Annotated photo localization data:
┌──
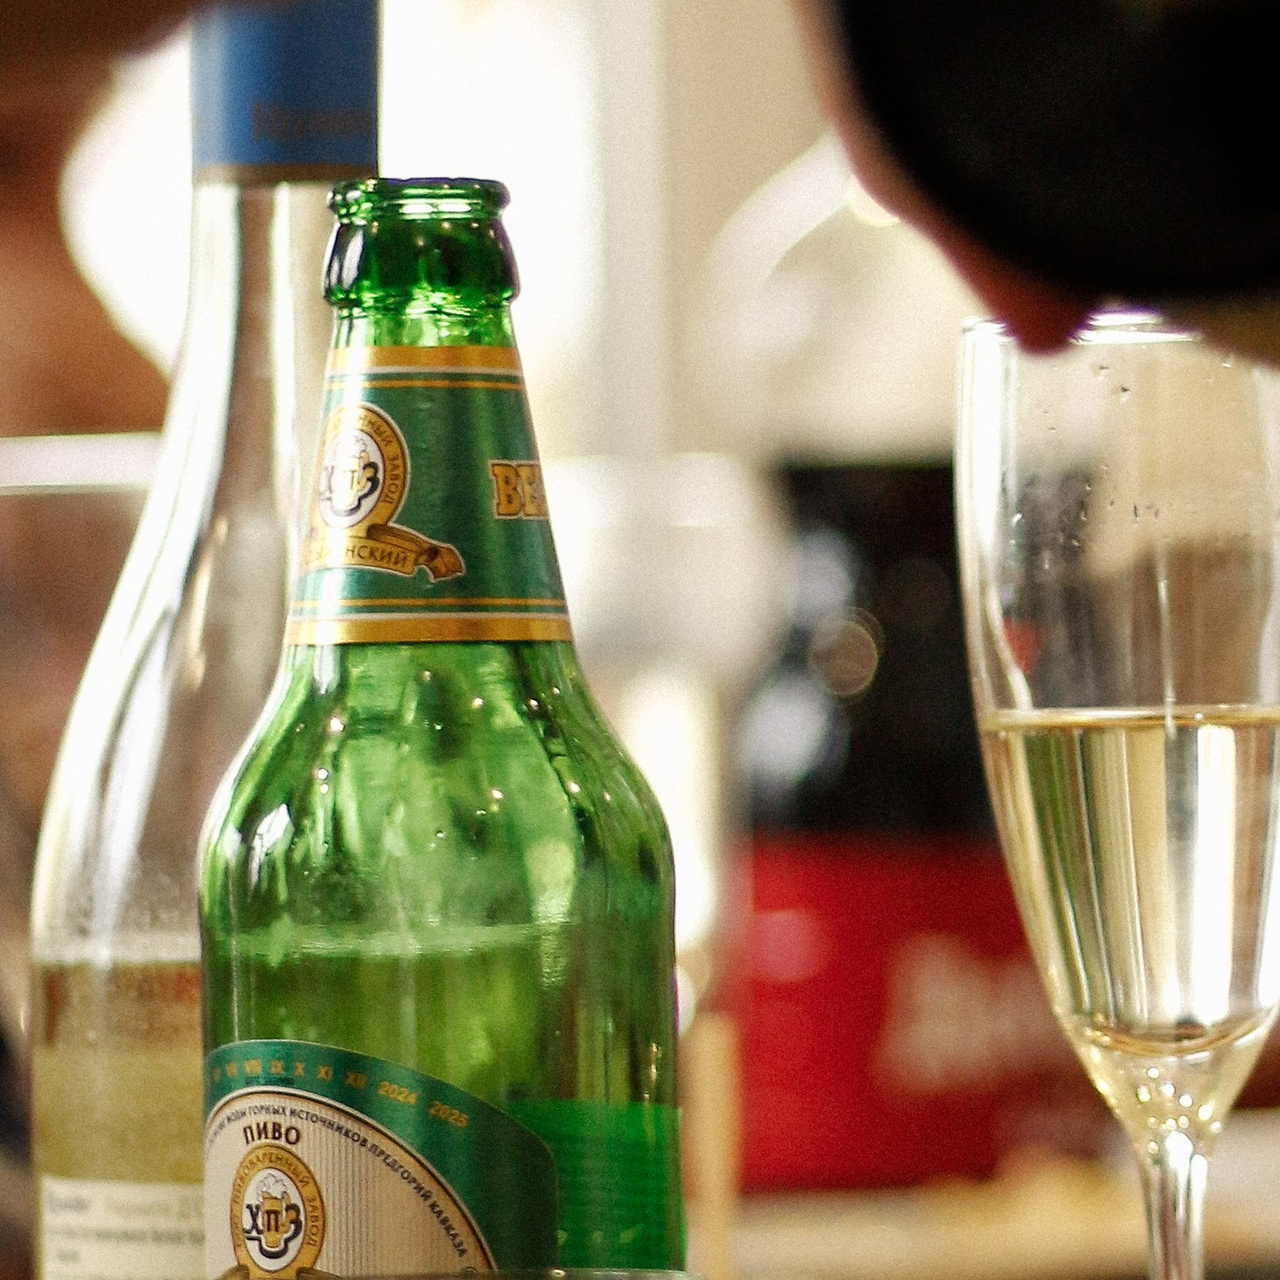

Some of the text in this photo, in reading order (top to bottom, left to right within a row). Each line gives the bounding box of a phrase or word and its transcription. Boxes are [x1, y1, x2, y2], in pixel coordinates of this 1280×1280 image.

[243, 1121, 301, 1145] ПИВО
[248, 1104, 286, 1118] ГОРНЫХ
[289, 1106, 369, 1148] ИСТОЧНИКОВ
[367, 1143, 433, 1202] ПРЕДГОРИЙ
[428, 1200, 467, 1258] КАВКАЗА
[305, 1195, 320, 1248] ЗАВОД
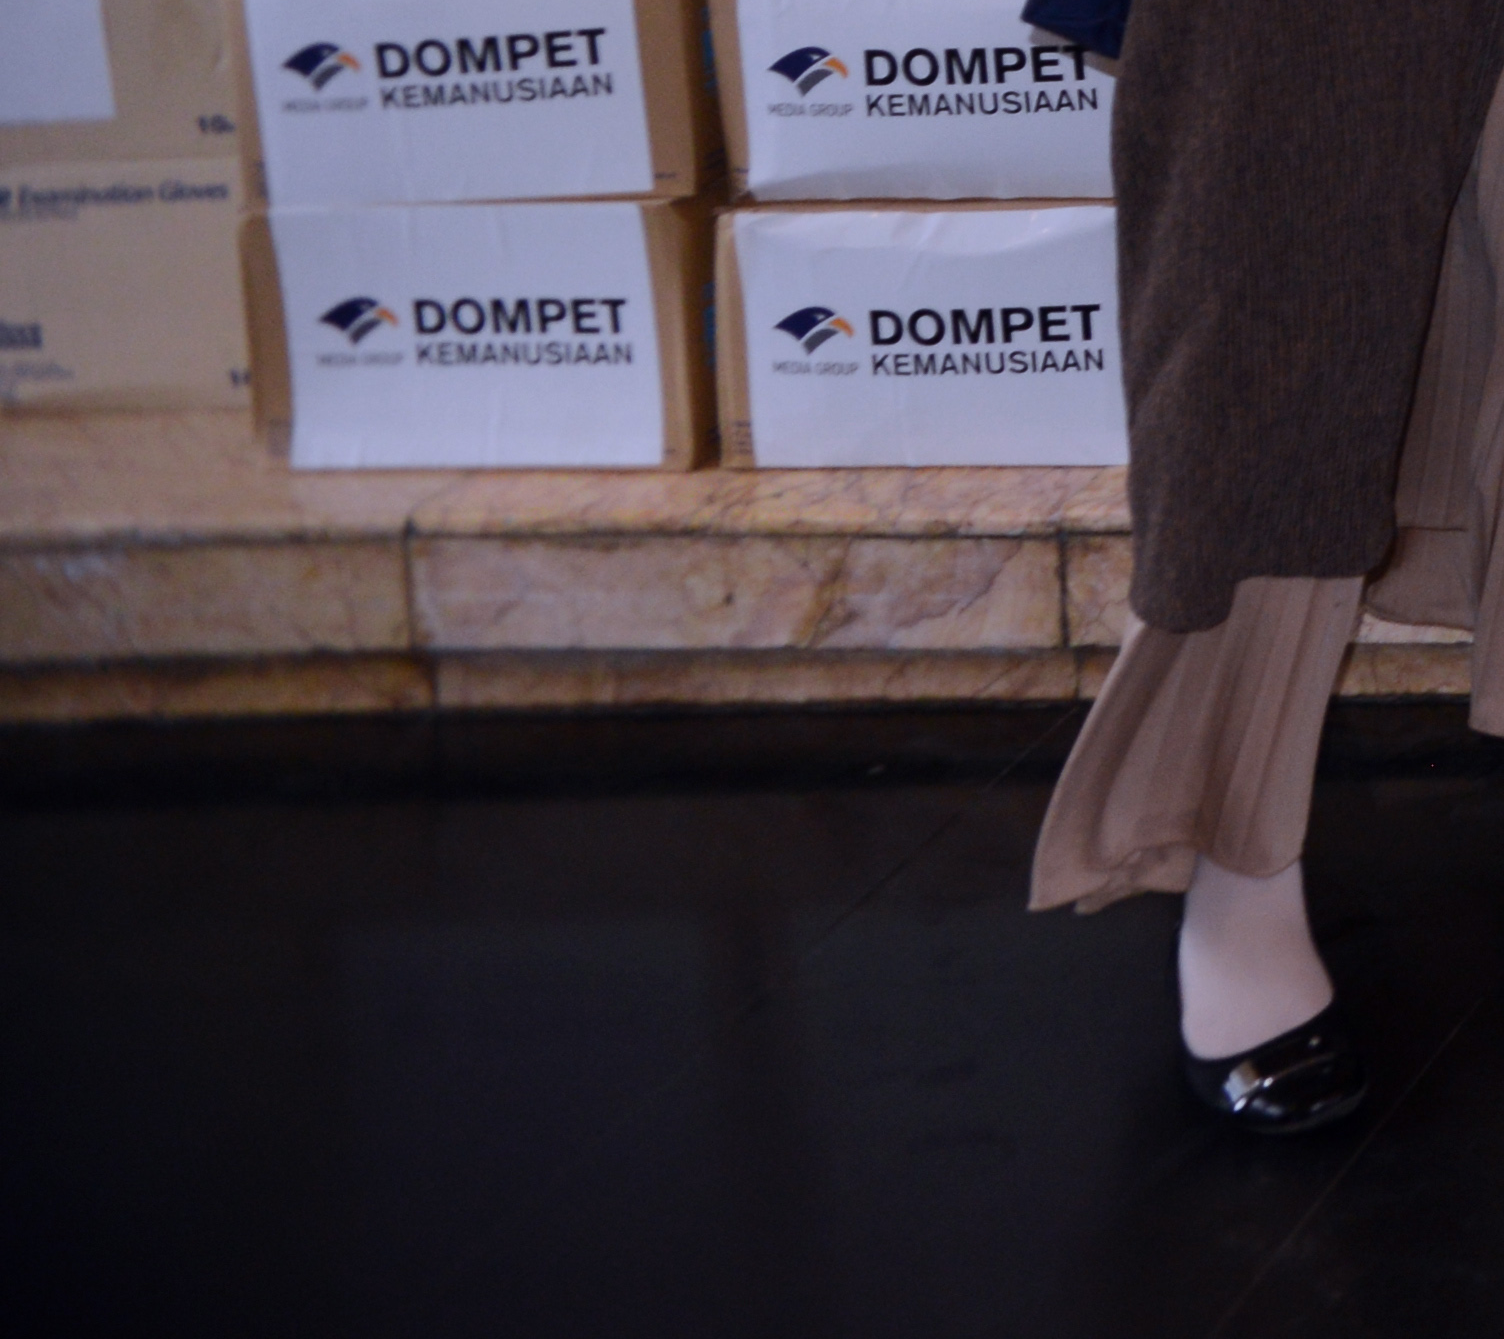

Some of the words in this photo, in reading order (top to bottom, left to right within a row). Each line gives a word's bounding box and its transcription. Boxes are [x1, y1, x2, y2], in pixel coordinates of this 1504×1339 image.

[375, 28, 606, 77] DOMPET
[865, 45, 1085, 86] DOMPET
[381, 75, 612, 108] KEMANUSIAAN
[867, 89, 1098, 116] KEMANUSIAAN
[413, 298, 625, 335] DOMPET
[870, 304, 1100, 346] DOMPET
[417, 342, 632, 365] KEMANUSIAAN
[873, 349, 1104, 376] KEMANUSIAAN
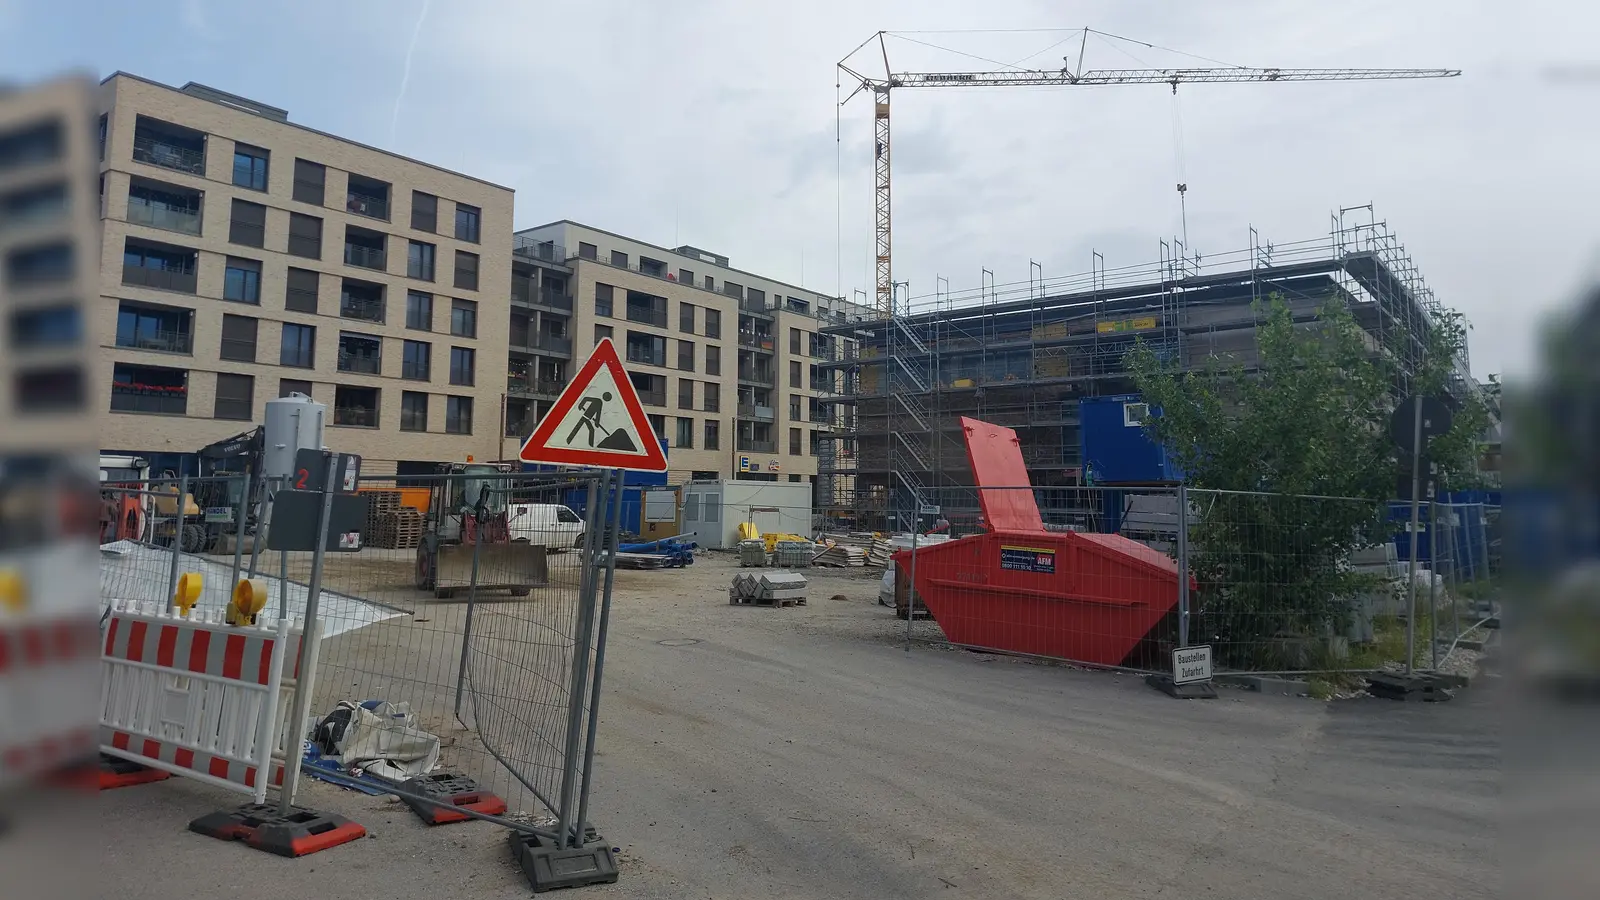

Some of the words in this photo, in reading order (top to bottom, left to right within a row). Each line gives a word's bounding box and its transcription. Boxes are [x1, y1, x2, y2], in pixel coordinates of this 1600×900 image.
└──
Please repeat each record above precisely, with the pictures left out.

* **Exercise answer**
Some of the text in this photo, in reading order (top to bottom, left to right within a row). Each line gives the bounding box of a phrase or word and its transcription. Boxes are [x1, y1, x2, y2], in pixel coordinates of this 1280×1280 image.

[243, 1121, 301, 1145] ПИВО
[248, 1104, 286, 1118] ГОРНЫХ
[289, 1106, 369, 1148] ИСТОЧНИКОВ
[367, 1143, 433, 1202] ПРЕДГОРИЙ
[428, 1200, 467, 1258] КАВКАЗА
[305, 1195, 320, 1248] ЗАВОД

Some of the words in this photo, in reading order (top to bottom, left to right within a row). Each line gives a word's bounding box and its transcription. Boxes are [x1, y1, x2, y2], in pixel coordinates of this 1504×1339 image.

[375, 28, 606, 77] DOMPET
[865, 45, 1085, 86] DOMPET
[381, 75, 612, 108] KEMANUSIAAN
[867, 89, 1098, 116] KEMANUSIAAN
[413, 298, 625, 335] DOMPET
[870, 304, 1100, 346] DOMPET
[417, 342, 632, 365] KEMANUSIAAN
[873, 349, 1104, 376] KEMANUSIAAN

Some of the words in this photo, in reading order (top to bottom, left to right within a row). Each line gives a word's bounding box and its transcription. Boxes are [x1, y1, x2, y2], in pixel coordinates of this 1600×900 image.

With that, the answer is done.